As noted previously, T cells in infants do not readily express high levels of CD40L unless provided with particularly potent activating stimuli. CD40L represents a critical signal for T helper cell-induced class switching and the generally low expression on neonatal T cells may thus be a limiting factor in the process. Reduced T cell cytokine production may further exacerbate the problem. However, although immunoglobulin production by neonatal B cells is low in the presence of neonatal T helper cells, production levels can be markedly improved if mature T helper cells or adequate soluble signals are provided. However, the neonatal B cells still fail to reach adult-equivalent levels of production, suggesting that an intrinsic defect also exists. In this regard, it is pertinent to note that functional immaturity within the B cell compartment has recently been identified as a predictor of high risk for later development of allergic disease.

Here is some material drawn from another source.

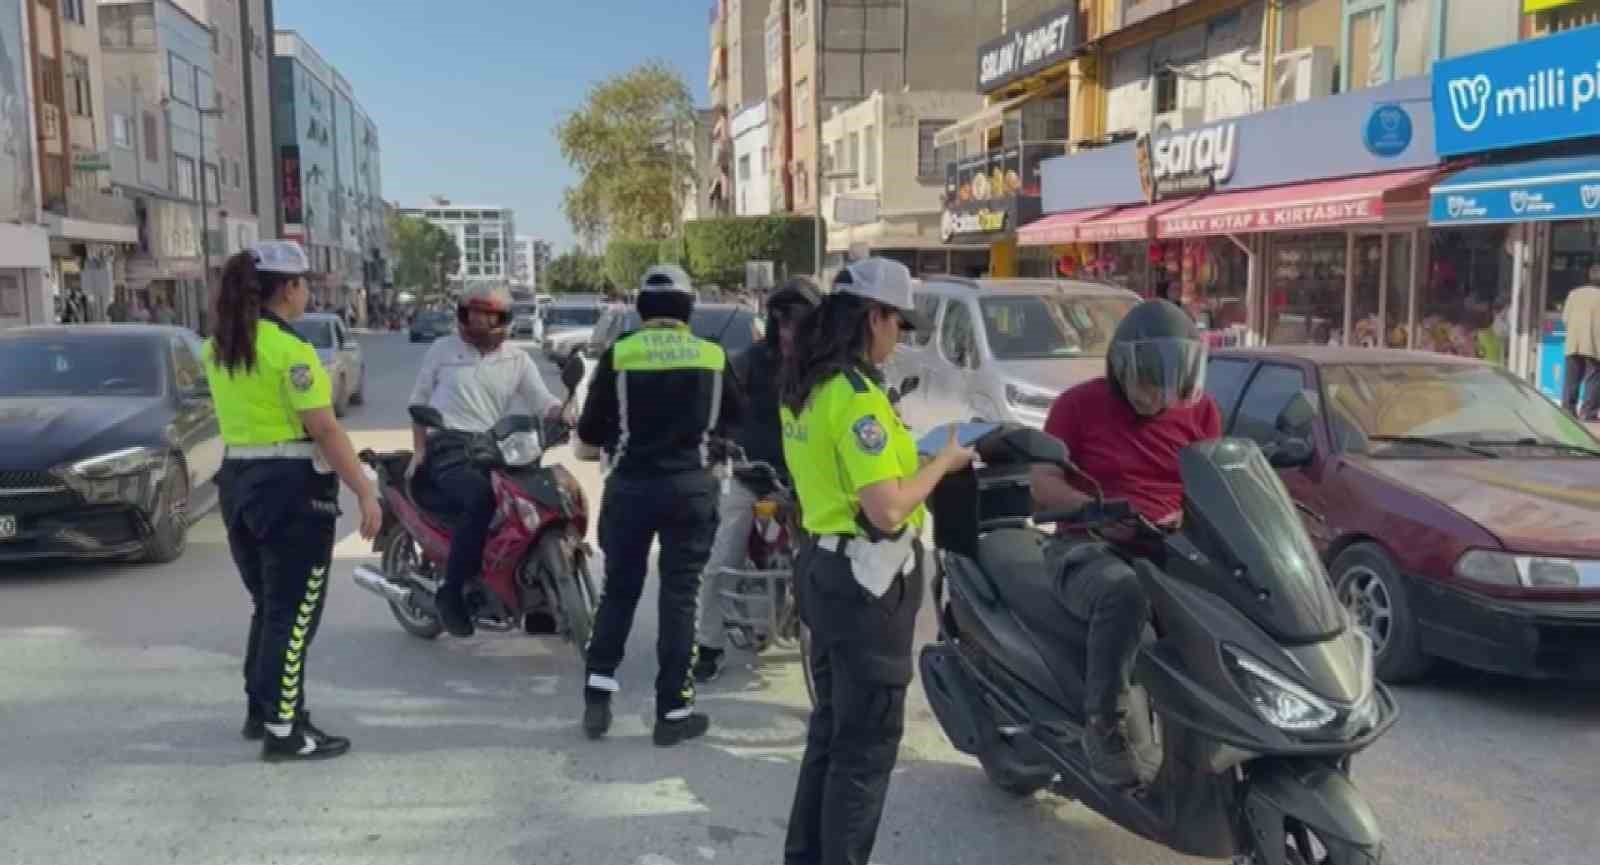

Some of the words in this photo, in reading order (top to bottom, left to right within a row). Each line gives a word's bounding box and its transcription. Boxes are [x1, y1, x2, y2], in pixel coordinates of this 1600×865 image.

Growing interest in the human microbiome in health and disease has reawakened interest in the role of gut flora in the development of the overall B cell repertoire, in particular the stimulatory effect of early gut colonization on B memory cell expansion. An additional area of B cell immunobiology that is set to have a major impact in the area of immune development and allergy pertains to the activity of regulatory B cell populations, which are hypothesized to play a direct role in control of allergic inflammation; moreover, a related population of B cells has been identified in neonatal thymic tissue, which appears to stimulate the generation of regulatory T cells.




Antigen-Presenting Cell Populations


The key ‘professional’ antigen-presenting cell (APC) populations in this context are the mononuclear phagocytes (MPCs), dendritic cells (DCs) and B cells. The precise role of each cell type in different types of immune response is not completely clear, although it is evident that DCs represent the most potent APC for priming the naïve T cell system against antigens encountered at low concentrations (e.g. virus and environmental allergens).


Ontogenic studies on human MPCs have been essentially limited to blood monocytes. Although neonatal populations appear comparable to those of adults in number and phagocytic activity, they display reduced chemotactic responses and reduced capacity for secretion of inflammatory cytokines such as TNF-α. Their capacity to present alloantigen to T cells is reportedly normal, but they display reduced levels of MHC class II expression. Several studies have implicated poor accessory cell function of infant blood monocytes as a co-factor in the reduced IFN-γ responses of infant T cells to polyclonal mitogens such as PHA, possibly as a result of diminished elaboration of co-stimulator signals. Macrophage populations at mucosal sites such as the lung and airways have important immunoregulatory roles in adults, but it is not clear whether these mechanisms are operative in early life. A murine study from our group indicates lower levels of expression of immunomodulatory molecules, including IL-10 and nitric oxide, by lung macrophages during the neonatal period.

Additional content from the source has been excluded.